Your task is to repeat all of the data exactly while excluding the pictures.

=== Section Start ===

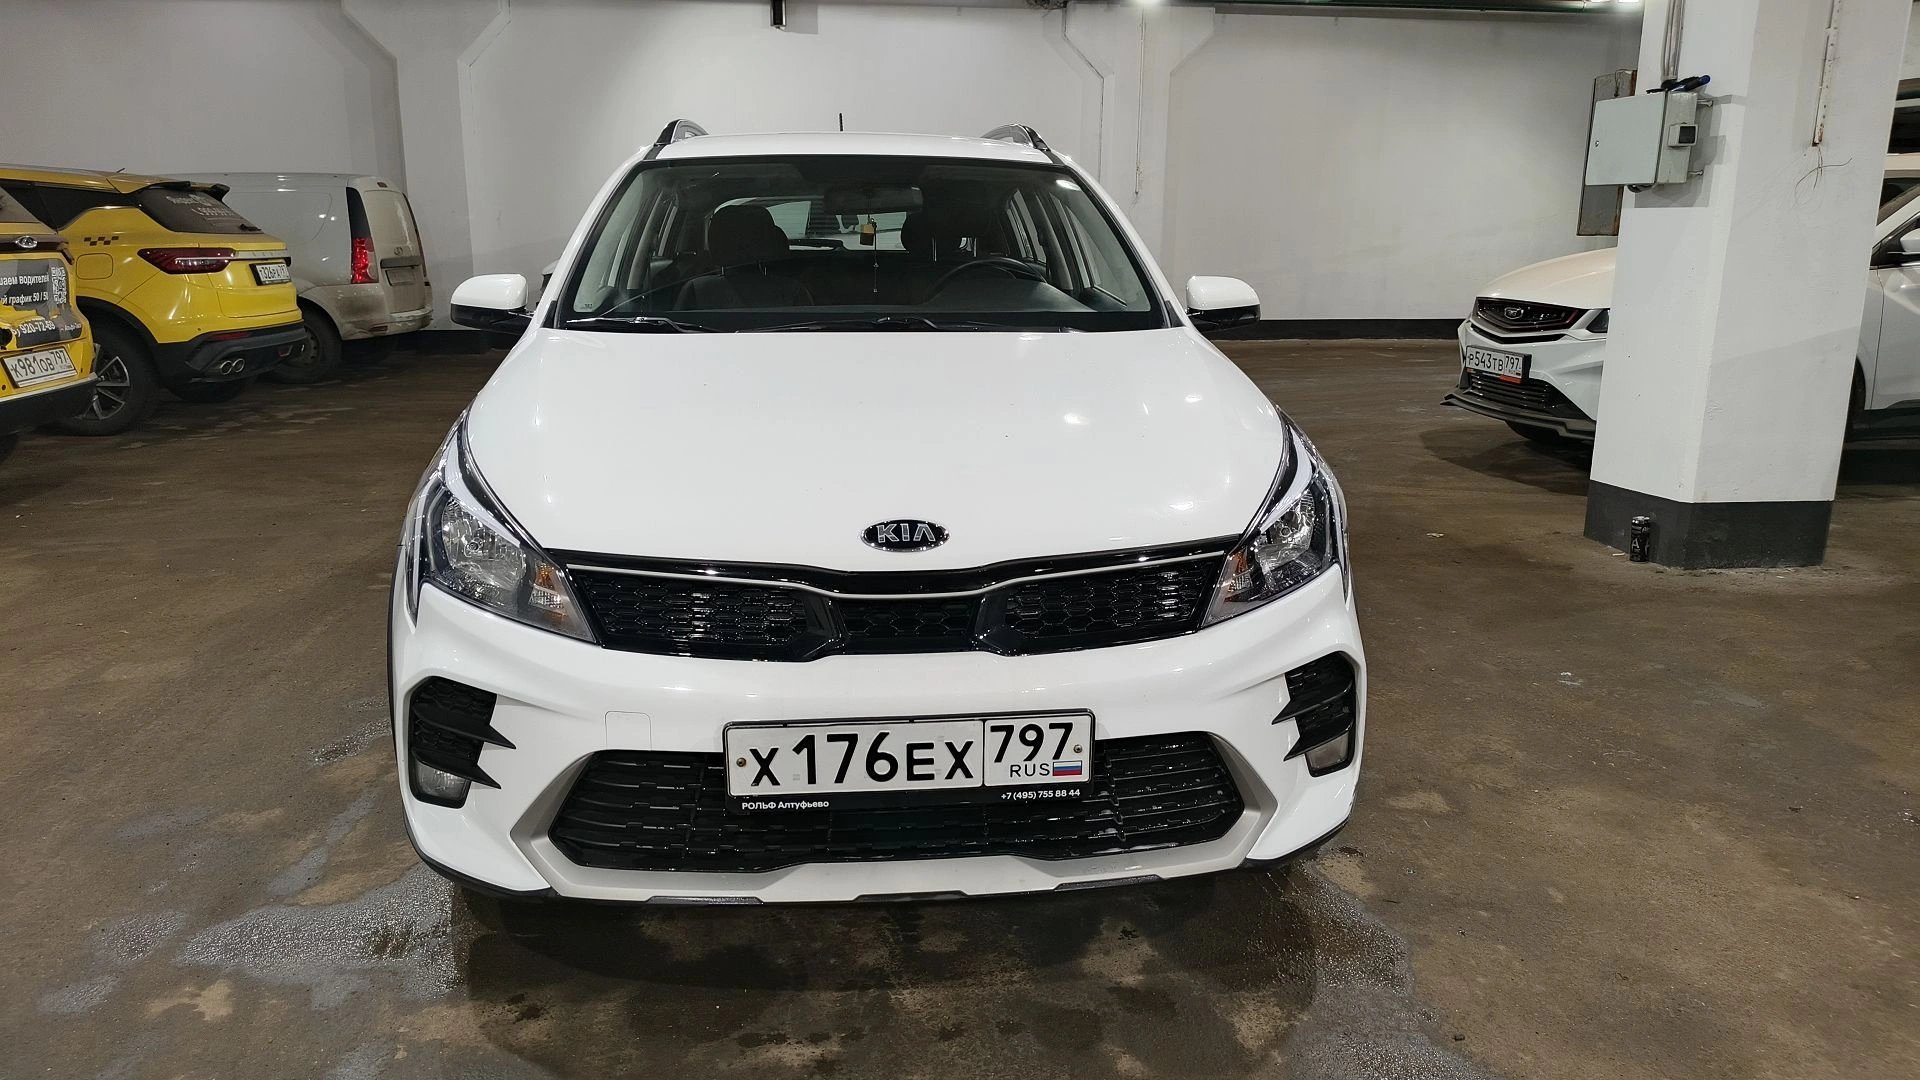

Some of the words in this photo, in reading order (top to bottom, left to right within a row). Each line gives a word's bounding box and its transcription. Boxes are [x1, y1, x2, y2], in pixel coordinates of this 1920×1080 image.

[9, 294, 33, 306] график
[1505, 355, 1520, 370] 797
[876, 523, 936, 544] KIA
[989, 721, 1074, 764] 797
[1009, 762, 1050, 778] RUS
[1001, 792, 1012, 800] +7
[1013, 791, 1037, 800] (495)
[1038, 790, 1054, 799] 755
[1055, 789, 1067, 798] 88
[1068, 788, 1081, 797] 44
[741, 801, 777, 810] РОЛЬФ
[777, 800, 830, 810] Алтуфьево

=== Section End ===

YOUR RESPONSE:
Some of the words in this photo, in reading order (top to bottom, left to right within a row). Each line gives a word's bounding box and its transcription. Boxes are [x1, y1, x2, y2], in pixel coordinates of this 1920×1080 image.

[9, 294, 33, 306] график
[1505, 355, 1520, 370] 797
[876, 523, 936, 544] KIA
[989, 721, 1074, 764] 797
[1009, 762, 1050, 778] RUS
[1001, 792, 1012, 800] +7
[1013, 791, 1037, 800] (495)
[1038, 790, 1054, 799] 755
[1055, 789, 1067, 798] 88
[1068, 788, 1081, 797] 44
[741, 801, 777, 810] РОЛЬФ
[777, 800, 830, 810] Алтуфьево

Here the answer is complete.